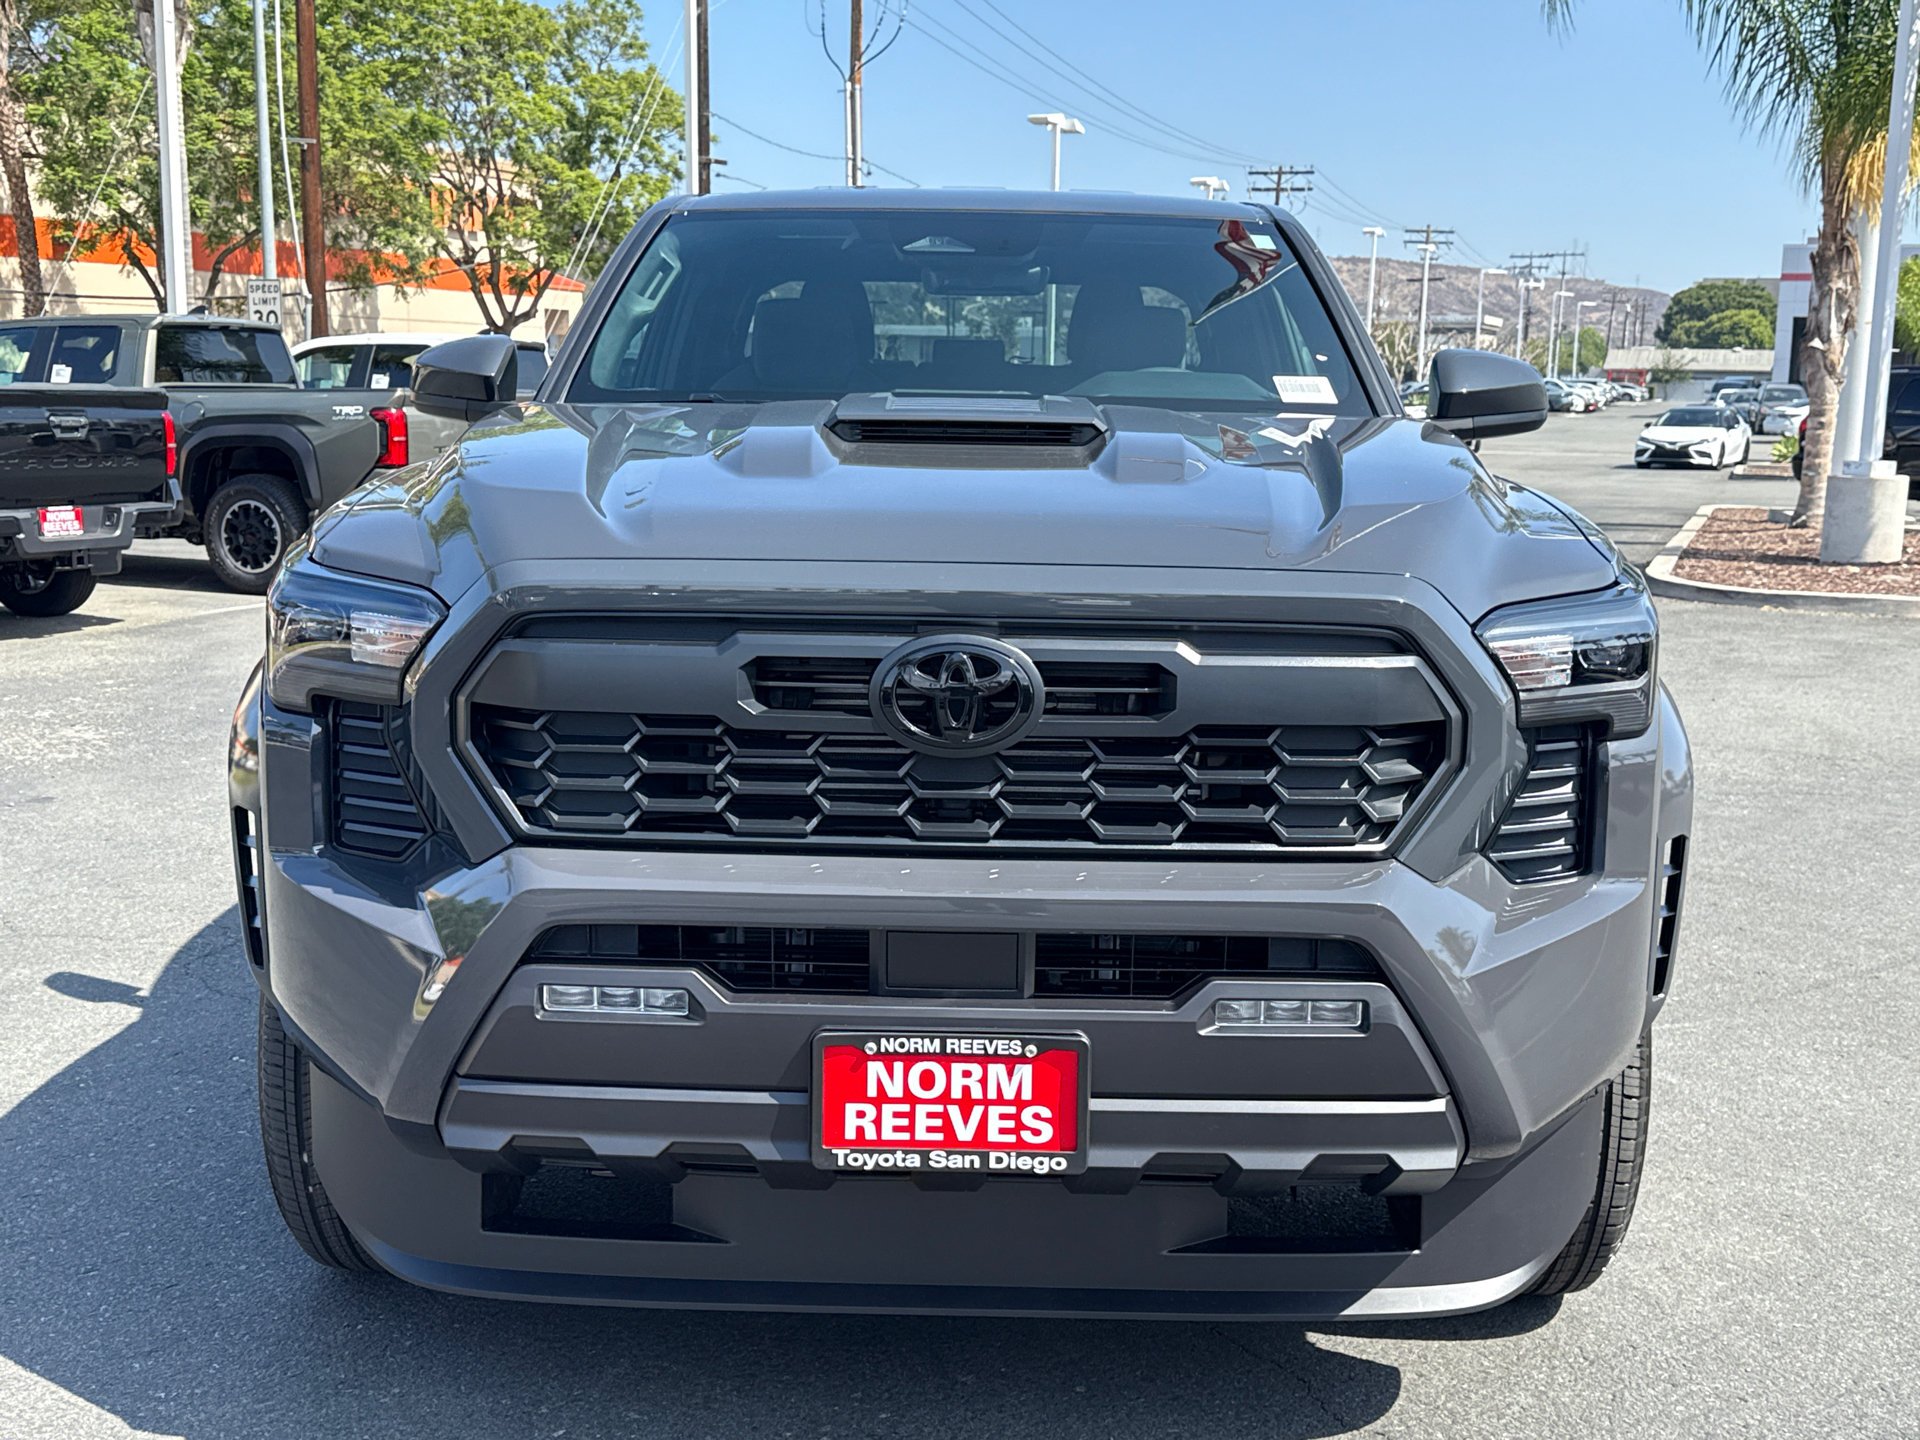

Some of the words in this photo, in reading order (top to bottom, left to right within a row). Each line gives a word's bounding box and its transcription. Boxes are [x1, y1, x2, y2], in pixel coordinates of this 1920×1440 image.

[249, 283, 279, 293] SPEED
[252, 297, 277, 306] LIMIT
[332, 405, 364, 416] TRD
[0, 457, 139, 471] TACOMA
[43, 520, 80, 531] REEVES
[880, 1037, 940, 1054] NORM
[946, 1039, 1022, 1055] REEVES
[866, 1061, 1033, 1101] NORM
[844, 1102, 1054, 1144] REEVES
[832, 1149, 922, 1170] Toyota
[928, 1150, 980, 1169] San
[988, 1151, 1068, 1173] Diego
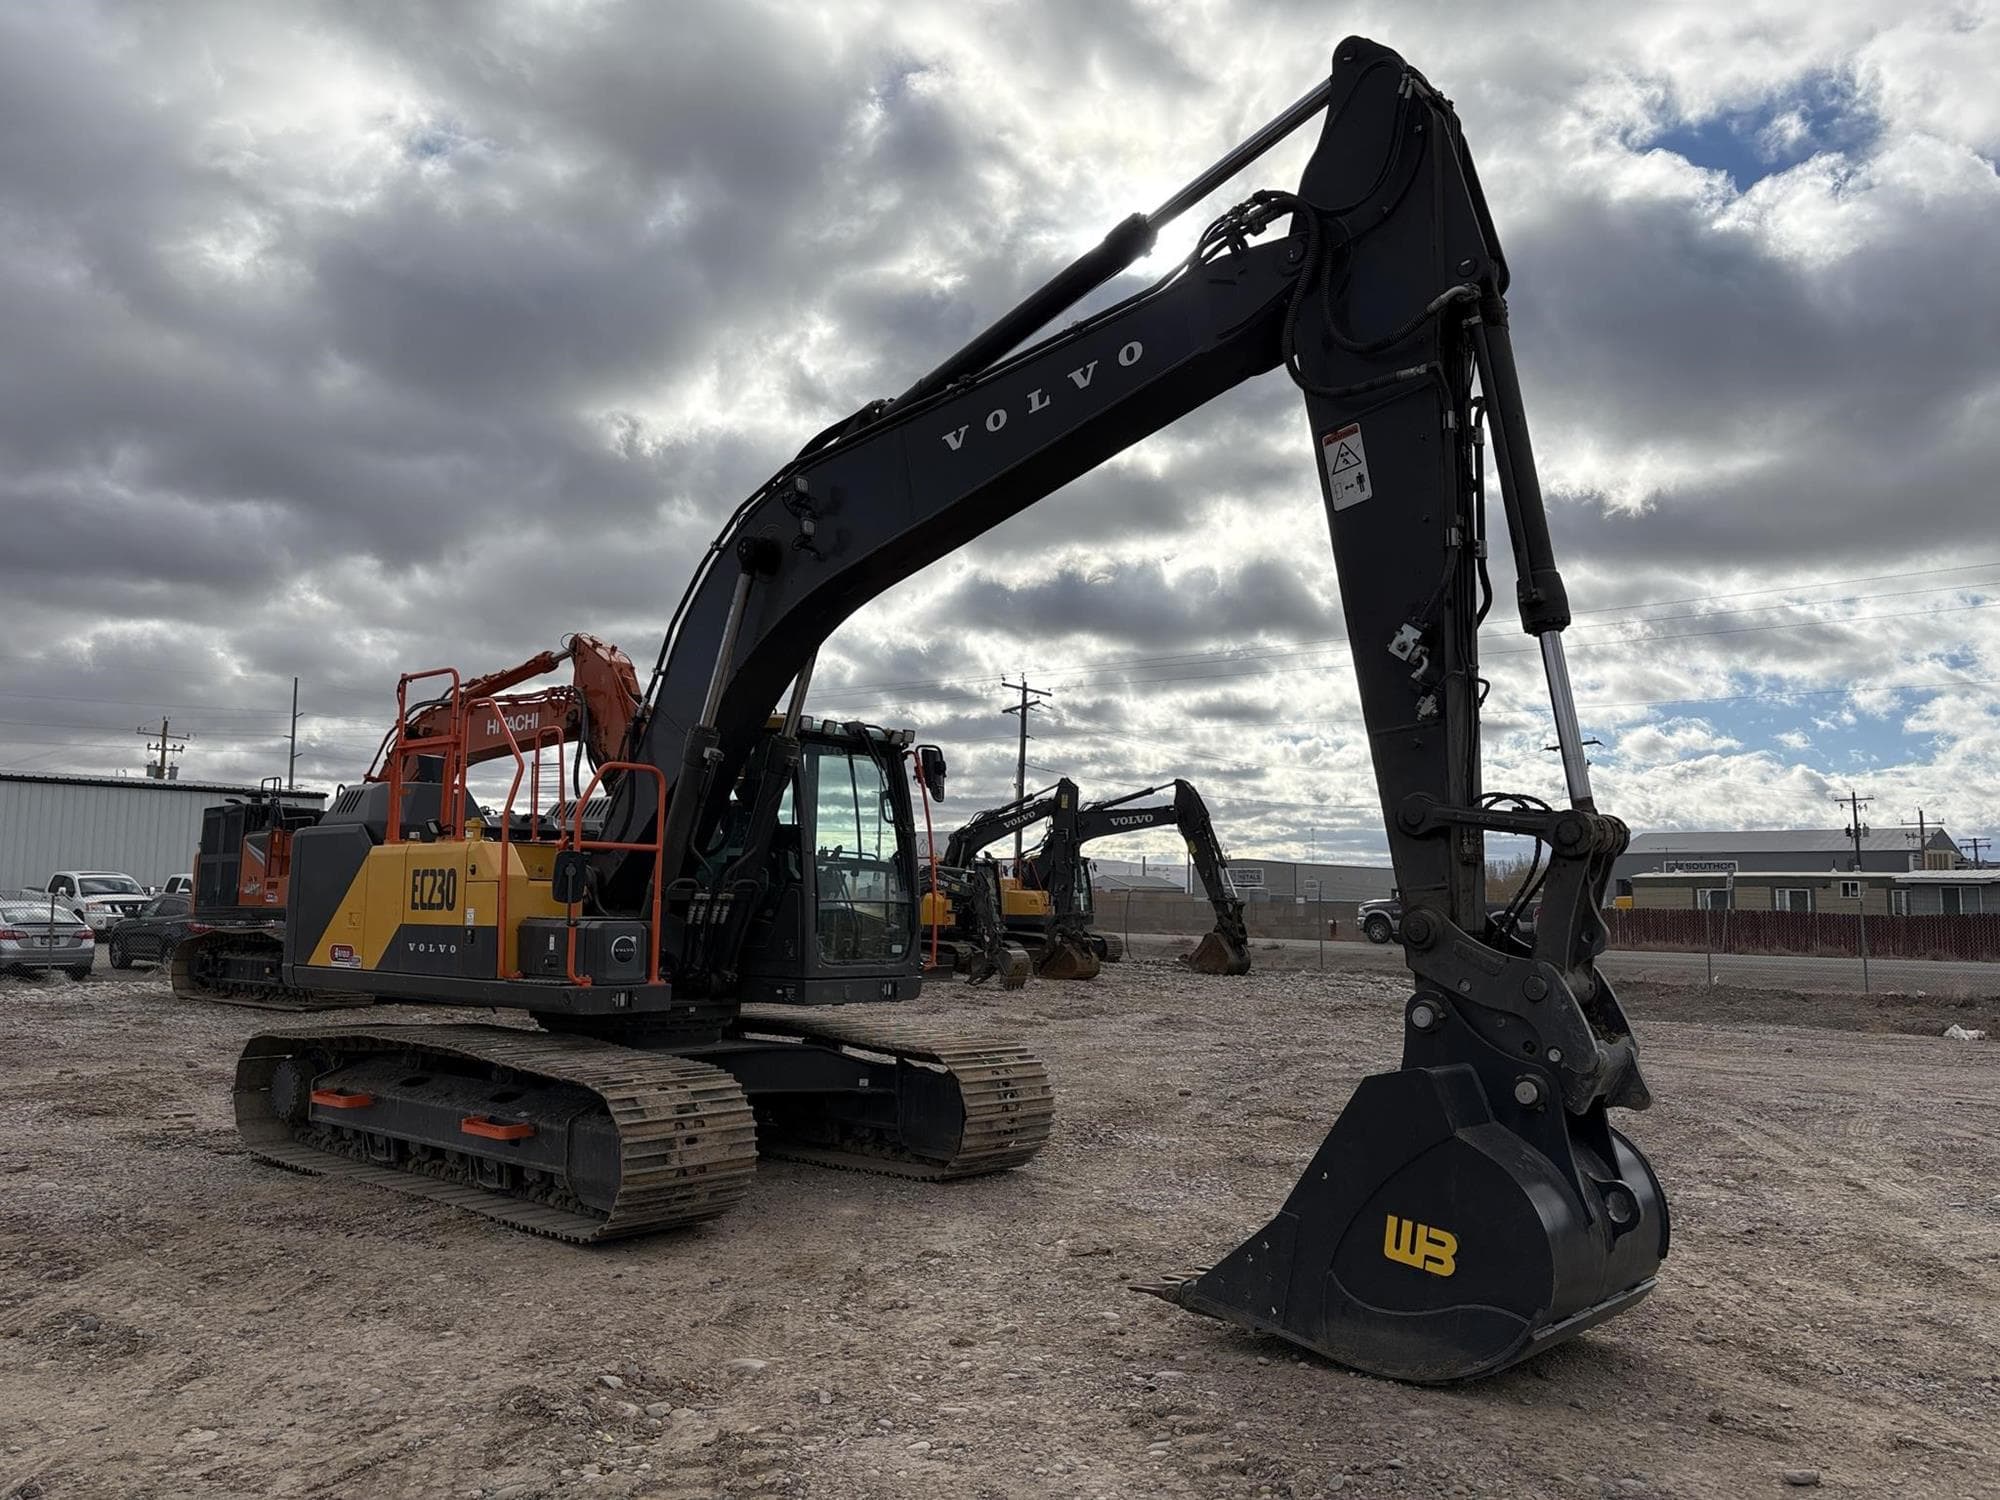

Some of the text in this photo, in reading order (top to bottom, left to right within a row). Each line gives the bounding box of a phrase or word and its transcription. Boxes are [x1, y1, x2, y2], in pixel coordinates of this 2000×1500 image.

[942, 341, 1143, 450] VOLVO
[1003, 811, 1036, 829] VOLVO
[1110, 814, 1154, 826] VOLVO
[411, 868, 457, 911] EC230
[408, 943, 457, 954] VOLVO
[1384, 1214, 1458, 1277] WB
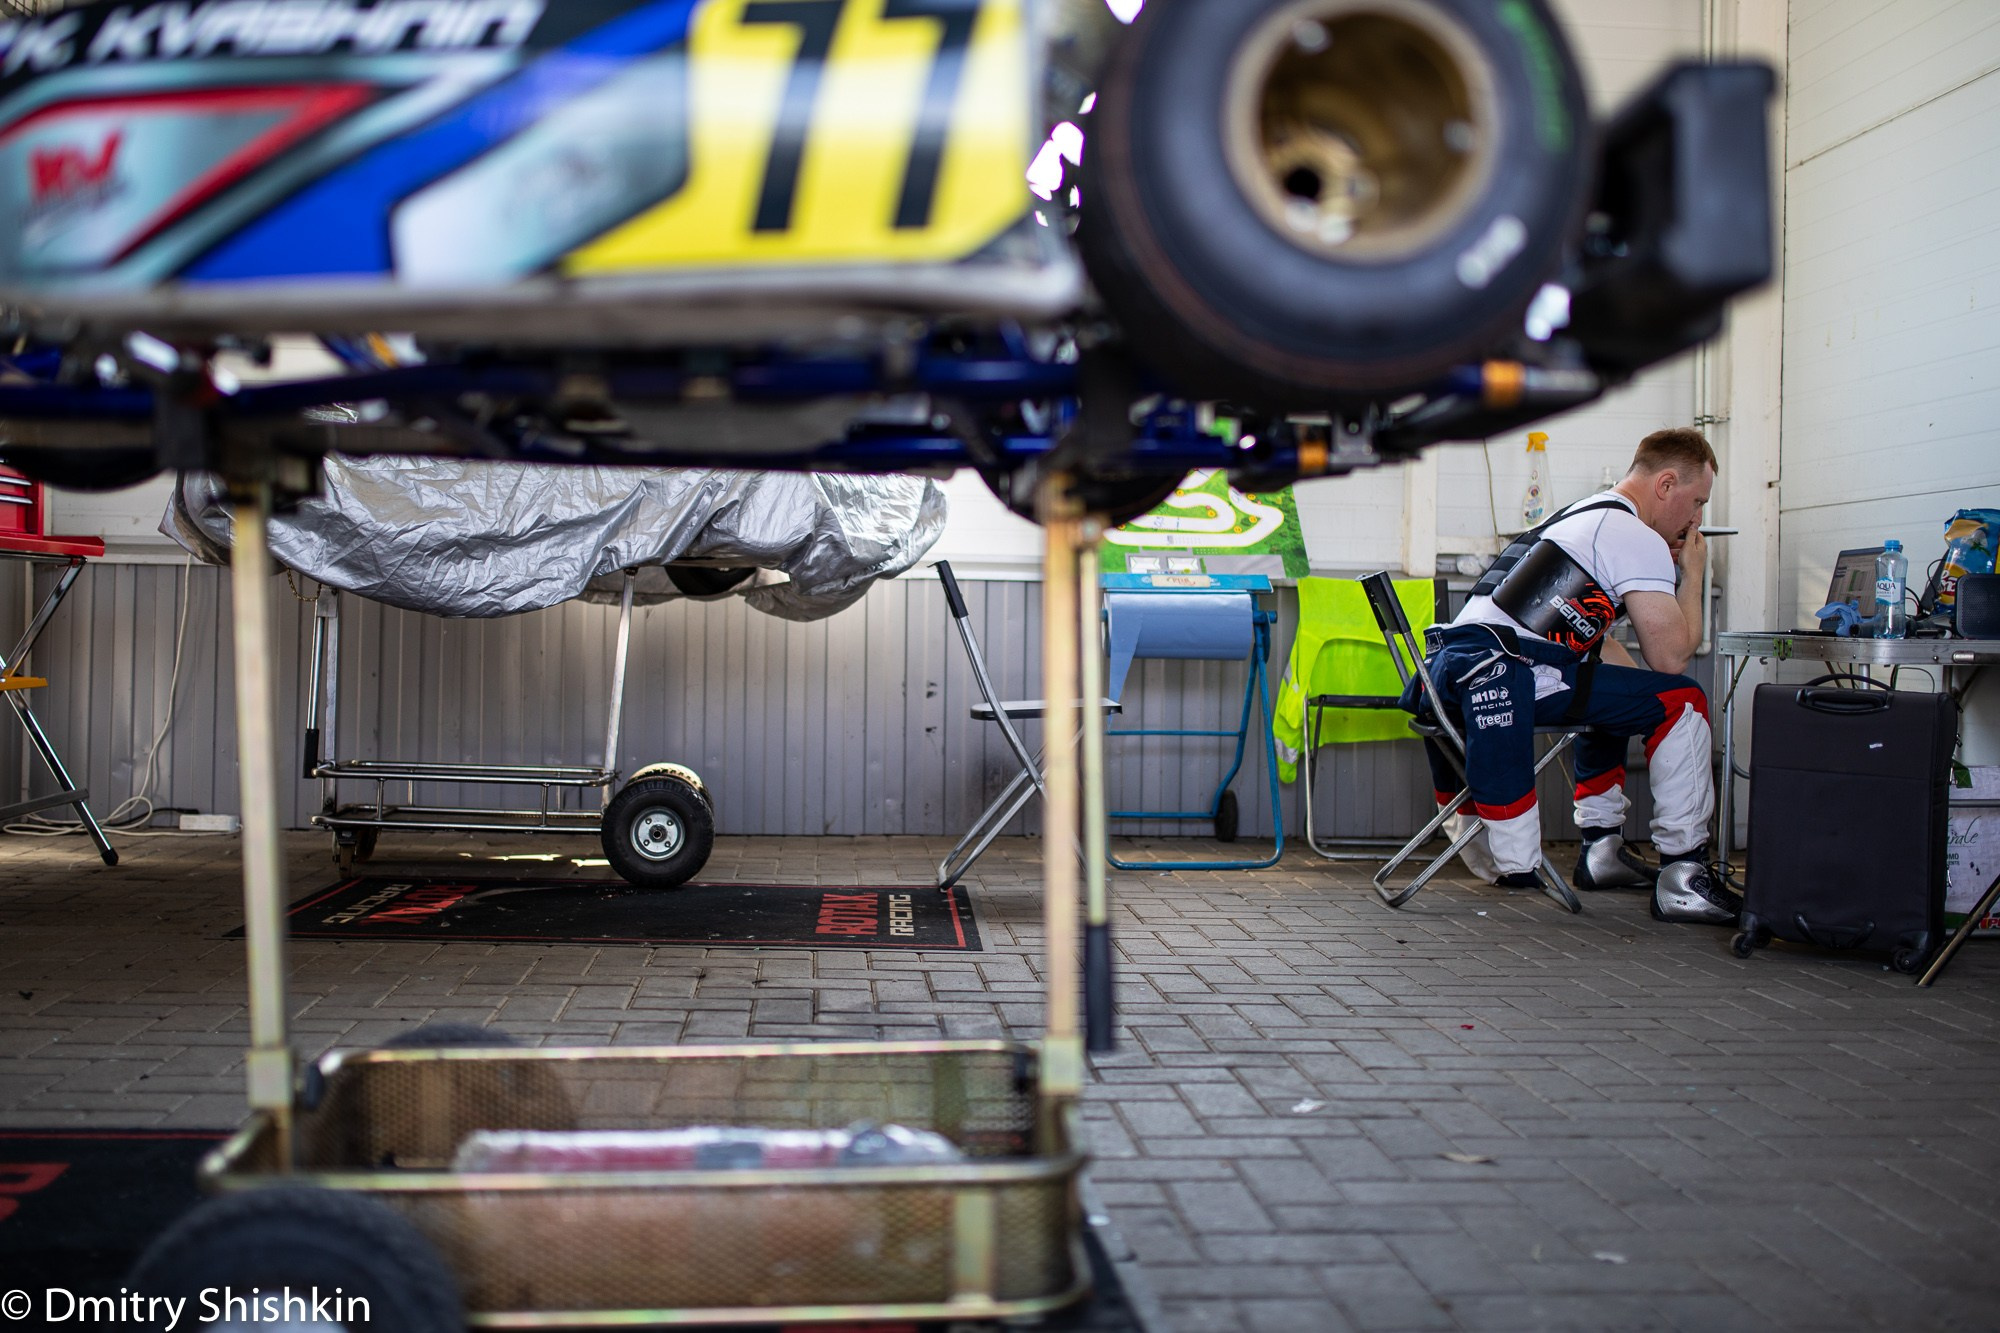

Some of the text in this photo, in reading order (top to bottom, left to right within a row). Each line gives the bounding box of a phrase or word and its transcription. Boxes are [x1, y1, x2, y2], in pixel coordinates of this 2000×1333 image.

- _Task to complete_
Omit the pictures, then set down all the remaining data exactly as given.

- _Result_
Some of the words in this photo, in reading order (top to bottom, left to right within a row). Each line gives a word's bounding box and its transcription. Boxes are [x1, y1, x2, y2], in pixel coordinates of this 1920×1440 image.

[249, 283, 279, 293] SPEED
[252, 297, 277, 306] LIMIT
[332, 405, 364, 416] TRD
[0, 457, 139, 471] TACOMA
[43, 520, 80, 531] REEVES
[880, 1037, 940, 1054] NORM
[946, 1039, 1022, 1055] REEVES
[866, 1061, 1033, 1101] NORM
[844, 1102, 1054, 1144] REEVES
[832, 1149, 922, 1170] Toyota
[928, 1150, 980, 1169] San
[988, 1151, 1068, 1173] Diego

Some of the text in this photo, in reading order (top to bottom, left to right within a row). Each line gives the bounding box of a phrase or word and its transcription. Boxes are [x1, y1, x2, y2], in pixel coordinates of this 2000×1500 image.

[942, 341, 1143, 450] VOLVO
[1003, 811, 1036, 829] VOLVO
[1110, 814, 1154, 826] VOLVO
[411, 868, 457, 911] EC230
[408, 943, 457, 954] VOLVO
[1384, 1214, 1458, 1277] WB

Some of the text in this photo, in reading order (top to bottom, left to right within a row). Each line gives the bounding box of a phrase or word and its transcription. Boxes are [x1, y1, x2, y2], in pixel coordinates of this 2000×1333 image.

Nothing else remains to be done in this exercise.